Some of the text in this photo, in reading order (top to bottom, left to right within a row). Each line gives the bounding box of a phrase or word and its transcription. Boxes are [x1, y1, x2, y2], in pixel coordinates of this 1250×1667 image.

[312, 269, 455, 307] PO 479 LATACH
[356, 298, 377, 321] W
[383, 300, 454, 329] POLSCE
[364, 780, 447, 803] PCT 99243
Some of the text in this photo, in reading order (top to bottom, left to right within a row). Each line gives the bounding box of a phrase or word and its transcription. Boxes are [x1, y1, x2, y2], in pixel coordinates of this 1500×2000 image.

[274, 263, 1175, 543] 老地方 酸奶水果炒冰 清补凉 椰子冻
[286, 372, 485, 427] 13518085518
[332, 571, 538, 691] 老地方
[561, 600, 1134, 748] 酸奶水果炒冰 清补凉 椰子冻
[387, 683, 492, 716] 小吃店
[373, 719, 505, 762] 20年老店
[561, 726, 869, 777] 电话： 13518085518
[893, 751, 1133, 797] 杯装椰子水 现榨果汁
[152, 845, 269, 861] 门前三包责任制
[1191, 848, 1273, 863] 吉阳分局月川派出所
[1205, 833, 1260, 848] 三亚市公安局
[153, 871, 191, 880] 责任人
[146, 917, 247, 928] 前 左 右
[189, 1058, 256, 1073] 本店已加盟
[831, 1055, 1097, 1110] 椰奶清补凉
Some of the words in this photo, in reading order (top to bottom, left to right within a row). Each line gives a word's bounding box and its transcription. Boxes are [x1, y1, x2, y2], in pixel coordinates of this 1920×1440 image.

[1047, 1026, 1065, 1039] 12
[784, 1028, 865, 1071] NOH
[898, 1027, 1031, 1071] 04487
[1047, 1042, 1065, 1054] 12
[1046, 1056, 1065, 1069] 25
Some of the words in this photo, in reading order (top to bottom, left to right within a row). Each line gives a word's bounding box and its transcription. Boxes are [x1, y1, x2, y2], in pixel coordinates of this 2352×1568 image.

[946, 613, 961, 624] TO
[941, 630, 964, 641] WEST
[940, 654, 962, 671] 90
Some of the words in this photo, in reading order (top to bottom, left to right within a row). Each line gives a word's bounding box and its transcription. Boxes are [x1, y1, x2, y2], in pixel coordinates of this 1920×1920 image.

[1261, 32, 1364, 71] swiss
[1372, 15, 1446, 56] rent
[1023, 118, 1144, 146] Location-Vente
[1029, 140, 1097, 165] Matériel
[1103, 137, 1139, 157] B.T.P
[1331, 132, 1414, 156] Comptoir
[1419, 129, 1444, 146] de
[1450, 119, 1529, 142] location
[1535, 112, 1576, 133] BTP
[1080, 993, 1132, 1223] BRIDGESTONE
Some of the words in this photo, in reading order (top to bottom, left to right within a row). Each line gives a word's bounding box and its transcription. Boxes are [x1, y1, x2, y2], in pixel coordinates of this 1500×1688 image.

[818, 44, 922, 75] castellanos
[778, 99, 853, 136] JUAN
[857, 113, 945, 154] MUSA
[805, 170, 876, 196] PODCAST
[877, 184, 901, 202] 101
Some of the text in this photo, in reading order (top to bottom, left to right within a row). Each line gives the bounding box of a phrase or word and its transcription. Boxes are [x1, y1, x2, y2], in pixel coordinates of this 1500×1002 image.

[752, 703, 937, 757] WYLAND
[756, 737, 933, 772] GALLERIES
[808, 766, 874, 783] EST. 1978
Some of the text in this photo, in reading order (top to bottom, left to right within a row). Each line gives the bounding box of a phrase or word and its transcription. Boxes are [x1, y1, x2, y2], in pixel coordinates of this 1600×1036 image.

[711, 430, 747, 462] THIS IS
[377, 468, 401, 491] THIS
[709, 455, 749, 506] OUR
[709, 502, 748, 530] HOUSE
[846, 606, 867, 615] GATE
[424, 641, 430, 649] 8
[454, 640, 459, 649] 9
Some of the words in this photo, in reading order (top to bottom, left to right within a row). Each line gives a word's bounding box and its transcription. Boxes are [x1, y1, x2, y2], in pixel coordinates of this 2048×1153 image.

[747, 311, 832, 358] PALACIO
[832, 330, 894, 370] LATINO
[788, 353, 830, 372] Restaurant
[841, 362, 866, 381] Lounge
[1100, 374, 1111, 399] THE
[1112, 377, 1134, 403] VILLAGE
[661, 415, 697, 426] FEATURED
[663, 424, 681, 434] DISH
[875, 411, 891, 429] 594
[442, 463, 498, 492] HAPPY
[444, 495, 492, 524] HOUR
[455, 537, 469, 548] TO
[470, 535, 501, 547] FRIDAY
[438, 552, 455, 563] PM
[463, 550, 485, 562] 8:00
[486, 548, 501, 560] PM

### TASK BRIEF:
Output every entry exactly as it appears.

### TASK ANSWER:
Some of the text in this photo, in reading order (top to bottom, left to right within a row). Each line gives the bounding box of a phrase or word and its transcription. Boxes are [x1, y1, x2, y2], in pixel coordinates of this 1250×1667 image.

[312, 269, 455, 307] PO 479 LATACH
[356, 298, 377, 321] W
[383, 300, 454, 329] POLSCE
[364, 780, 447, 803] PCT 99243
Some of the text in this photo, in reading order (top to bottom, left to right within a row). Each line gives the bounding box of a phrase or word and its transcription. Boxes are [x1, y1, x2, y2], in pixel coordinates of this 1500×2000 image.

[274, 263, 1175, 543] 老地方 酸奶水果炒冰 清补凉 椰子冻
[286, 372, 485, 427] 13518085518
[332, 571, 538, 691] 老地方
[561, 600, 1134, 748] 酸奶水果炒冰 清补凉 椰子冻
[387, 683, 492, 716] 小吃店
[373, 719, 505, 762] 20年老店
[561, 726, 869, 777] 电话： 13518085518
[893, 751, 1133, 797] 杯装椰子水 现榨果汁
[152, 845, 269, 861] 门前三包责任制
[1191, 848, 1273, 863] 吉阳分局月川派出所
[1205, 833, 1260, 848] 三亚市公安局
[153, 871, 191, 880] 责任人
[146, 917, 247, 928] 前 左 右
[189, 1058, 256, 1073] 本店已加盟
[831, 1055, 1097, 1110] 椰奶清补凉
Some of the words in this photo, in reading order (top to bottom, left to right within a row). Each line gives a word's bounding box and its transcription. Boxes are [x1, y1, x2, y2], in pixel coordinates of this 1920×1440 image.

[1047, 1026, 1065, 1039] 12
[784, 1028, 865, 1071] NOH
[898, 1027, 1031, 1071] 04487
[1047, 1042, 1065, 1054] 12
[1046, 1056, 1065, 1069] 25
Some of the words in this photo, in reading order (top to bottom, left to right within a row). Each line gives a word's bounding box and its transcription. Boxes are [x1, y1, x2, y2], in pixel coordinates of this 2352×1568 image.

[946, 613, 961, 624] TO
[941, 630, 964, 641] WEST
[940, 654, 962, 671] 90
Some of the words in this photo, in reading order (top to bottom, left to right within a row). Each line gives a word's bounding box and its transcription. Boxes are [x1, y1, x2, y2], in pixel coordinates of this 1920×1920 image.

[1261, 32, 1364, 71] swiss
[1372, 15, 1446, 56] rent
[1023, 118, 1144, 146] Location-Vente
[1029, 140, 1097, 165] Matériel
[1103, 137, 1139, 157] B.T.P
[1331, 132, 1414, 156] Comptoir
[1419, 129, 1444, 146] de
[1450, 119, 1529, 142] location
[1535, 112, 1576, 133] BTP
[1080, 993, 1132, 1223] BRIDGESTONE
Some of the words in this photo, in reading order (top to bottom, left to right within a row). Each line gives a word's bounding box and its transcription. Boxes are [x1, y1, x2, y2], in pixel coordinates of this 1500×1688 image.

[818, 44, 922, 75] castellanos
[778, 99, 853, 136] JUAN
[857, 113, 945, 154] MUSA
[805, 170, 876, 196] PODCAST
[877, 184, 901, 202] 101
Some of the text in this photo, in reading order (top to bottom, left to right within a row). Each line gives the bounding box of a phrase or word and its transcription. Boxes are [x1, y1, x2, y2], in pixel coordinates of this 1500×1002 image.

[752, 703, 937, 757] WYLAND
[756, 737, 933, 772] GALLERIES
[808, 766, 874, 783] EST. 1978
Some of the text in this photo, in reading order (top to bottom, left to right within a row). Each line gives the bounding box of a phrase or word and its transcription. Boxes are [x1, y1, x2, y2], in pixel coordinates of this 1600×1036 image.

[711, 430, 747, 462] THIS IS
[377, 468, 401, 491] THIS
[709, 455, 749, 506] OUR
[709, 502, 748, 530] HOUSE
[846, 606, 867, 615] GATE
[424, 641, 430, 649] 8
[454, 640, 459, 649] 9
Some of the words in this photo, in reading order (top to bottom, left to right within a row). Each line gives a word's bounding box and its transcription. Boxes are [x1, y1, x2, y2], in pixel coordinates of this 2048×1153 image.

[747, 311, 832, 358] PALACIO
[832, 330, 894, 370] LATINO
[788, 353, 830, 372] Restaurant
[841, 362, 866, 381] Lounge
[1100, 374, 1111, 399] THE
[1112, 377, 1134, 403] VILLAGE
[661, 415, 697, 426] FEATURED
[663, 424, 681, 434] DISH
[875, 411, 891, 429] 594
[442, 463, 498, 492] HAPPY
[444, 495, 492, 524] HOUR
[455, 537, 469, 548] TO
[470, 535, 501, 547] FRIDAY
[438, 552, 455, 563] PM
[463, 550, 485, 562] 8:00
[486, 548, 501, 560] PM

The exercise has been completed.